Centaines de milliers de francs
C’est le cas du Spinraza de Biogen, souvent critiqué pour son coût élevé. Il permet de lutter contre une grave maladie héréditaire chez les enfants, l’amyotrophie spinale, caractérisée par une dégénérescence progressive des neurones moteurs, ce qui entraîne une atrophie des muscles des membres et du tronc, et affecte la fonction respiratoire. L’injection d’un ARN antisens dans la moelle épinière doit augmenter la production d’une protéine nécessaire pour les cellules nerveuses. Mais le traitement coûte 270 000 francs par an.
Dommage, car le fabricant assure de l’efficacité du Spinraza, qui a fait l’objet de dix études incluant 11 000 patients. Un peu moins de cinq ans plus tard, tous les patients traités étaient encore en vie, et presque tous pouvaient même marcher, assure Biogen. De son côté, la société biopharmaceutique Alnylam, qui produit deux autres de ces traitements à base d’ARN pour lutter contre des maladies héréditaires, certifie que les injections sont sûres. L’étendue des études serait aussi plus que suffisante au vu du nombre restreint de personnes touchées.

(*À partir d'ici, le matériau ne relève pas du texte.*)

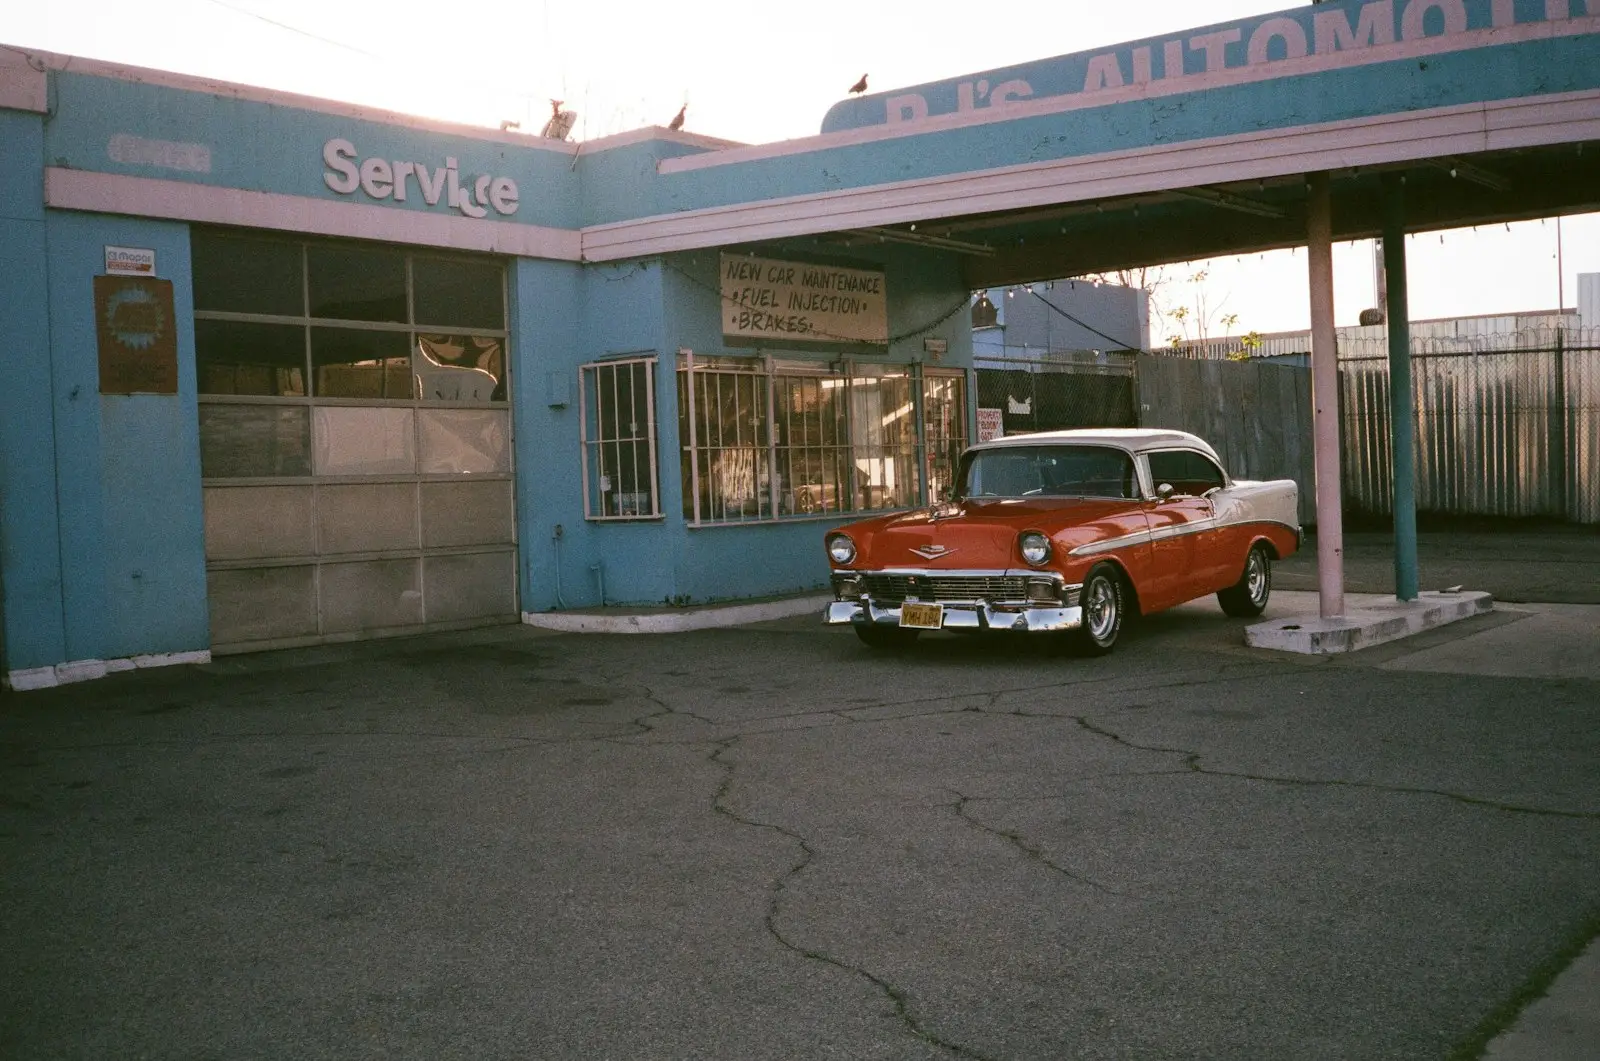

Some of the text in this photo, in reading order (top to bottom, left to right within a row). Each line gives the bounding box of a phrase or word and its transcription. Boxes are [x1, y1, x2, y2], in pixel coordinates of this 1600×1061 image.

Difficile de ne pas relativiser le véritable tournant annoncé en médecine autour de l’ARN, de croire aux «nouveaux champs thérapeutiques» que cette technologie est en train d’ouvrir dans différents domaines, pour reprendre les termes de la Revue médicale suisse. Au vu du manque de recul sur ces traitements, de leur cherté, de leurs effets secondaires ou indésirables et des risques pour l’organisme, la «révolution médicale» n’est en tout cas pas pour demain.